**WORK ITEM**. Write the entries out again. Every character must match.

Records from a data source:
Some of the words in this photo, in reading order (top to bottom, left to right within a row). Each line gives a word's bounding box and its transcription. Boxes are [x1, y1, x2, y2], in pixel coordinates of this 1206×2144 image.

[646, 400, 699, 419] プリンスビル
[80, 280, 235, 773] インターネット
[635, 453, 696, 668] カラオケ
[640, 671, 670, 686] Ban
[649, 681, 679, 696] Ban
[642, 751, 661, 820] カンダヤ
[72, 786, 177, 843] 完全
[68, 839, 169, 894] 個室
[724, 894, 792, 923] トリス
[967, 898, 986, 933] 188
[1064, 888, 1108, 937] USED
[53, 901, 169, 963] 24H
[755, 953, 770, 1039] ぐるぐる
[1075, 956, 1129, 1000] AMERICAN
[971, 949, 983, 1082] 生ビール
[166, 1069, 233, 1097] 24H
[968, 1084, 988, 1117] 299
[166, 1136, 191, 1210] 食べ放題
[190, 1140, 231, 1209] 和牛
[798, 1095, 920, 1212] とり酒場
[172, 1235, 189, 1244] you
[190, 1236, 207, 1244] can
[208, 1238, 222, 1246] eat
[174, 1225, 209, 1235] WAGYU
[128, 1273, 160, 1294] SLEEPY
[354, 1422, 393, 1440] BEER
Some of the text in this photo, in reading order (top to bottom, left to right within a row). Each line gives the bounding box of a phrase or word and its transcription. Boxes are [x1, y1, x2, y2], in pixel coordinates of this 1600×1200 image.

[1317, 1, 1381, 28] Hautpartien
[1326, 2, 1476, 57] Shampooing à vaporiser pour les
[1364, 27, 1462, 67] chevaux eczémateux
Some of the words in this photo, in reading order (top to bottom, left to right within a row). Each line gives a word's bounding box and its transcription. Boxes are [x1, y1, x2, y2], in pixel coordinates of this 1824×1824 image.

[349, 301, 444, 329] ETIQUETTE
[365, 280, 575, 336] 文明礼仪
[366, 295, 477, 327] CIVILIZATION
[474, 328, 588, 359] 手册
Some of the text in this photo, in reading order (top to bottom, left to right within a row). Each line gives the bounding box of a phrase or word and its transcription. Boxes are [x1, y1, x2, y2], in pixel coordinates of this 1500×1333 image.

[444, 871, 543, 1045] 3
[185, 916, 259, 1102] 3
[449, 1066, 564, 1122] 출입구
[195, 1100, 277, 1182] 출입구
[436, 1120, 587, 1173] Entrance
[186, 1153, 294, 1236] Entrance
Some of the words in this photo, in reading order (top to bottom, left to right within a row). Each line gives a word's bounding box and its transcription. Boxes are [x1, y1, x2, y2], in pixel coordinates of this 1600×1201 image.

**EXPECTED OUTPUT**.
Some of the words in this photo, in reading order (top to bottom, left to right within a row). Each line gives a word's bounding box and its transcription. Boxes are [x1, y1, x2, y2], in pixel coordinates of this 1206×2144 image.

[646, 400, 699, 419] プリンスビル
[80, 280, 235, 773] インターネット
[635, 453, 696, 668] カラオケ
[640, 671, 670, 686] Ban
[649, 681, 679, 696] Ban
[642, 751, 661, 820] カンダヤ
[72, 786, 177, 843] 完全
[68, 839, 169, 894] 個室
[724, 894, 792, 923] トリス
[967, 898, 986, 933] 188
[1064, 888, 1108, 937] USED
[53, 901, 169, 963] 24H
[755, 953, 770, 1039] ぐるぐる
[1075, 956, 1129, 1000] AMERICAN
[971, 949, 983, 1082] 生ビール
[166, 1069, 233, 1097] 24H
[968, 1084, 988, 1117] 299
[166, 1136, 191, 1210] 食べ放題
[190, 1140, 231, 1209] 和牛
[798, 1095, 920, 1212] とり酒場
[172, 1235, 189, 1244] you
[190, 1236, 207, 1244] can
[208, 1238, 222, 1246] eat
[174, 1225, 209, 1235] WAGYU
[128, 1273, 160, 1294] SLEEPY
[354, 1422, 393, 1440] BEER
Some of the text in this photo, in reading order (top to bottom, left to right within a row). Each line gives the bounding box of a phrase or word and its transcription. Boxes are [x1, y1, x2, y2], in pixel coordinates of this 1600×1200 image.

[1317, 1, 1381, 28] Hautpartien
[1326, 2, 1476, 57] Shampooing à vaporiser pour les
[1364, 27, 1462, 67] chevaux eczémateux
Some of the words in this photo, in reading order (top to bottom, left to right within a row). Each line gives a word's bounding box and its transcription. Boxes are [x1, y1, x2, y2], in pixel coordinates of this 1824×1824 image.

[349, 301, 444, 329] ETIQUETTE
[365, 280, 575, 336] 文明礼仪
[366, 295, 477, 327] CIVILIZATION
[474, 328, 588, 359] 手册
Some of the text in this photo, in reading order (top to bottom, left to right within a row). Each line gives the bounding box of a phrase or word and its transcription. Boxes are [x1, y1, x2, y2], in pixel coordinates of this 1500×1333 image.

[444, 871, 543, 1045] 3
[185, 916, 259, 1102] 3
[449, 1066, 564, 1122] 출입구
[195, 1100, 277, 1182] 출입구
[436, 1120, 587, 1173] Entrance
[186, 1153, 294, 1236] Entrance
Some of the words in this photo, in reading order (top to bottom, left to right within a row). Each line gives a word's bounding box and its transcription. Boxes are [x1, y1, x2, y2], in pixel coordinates of this 1600×1201 image.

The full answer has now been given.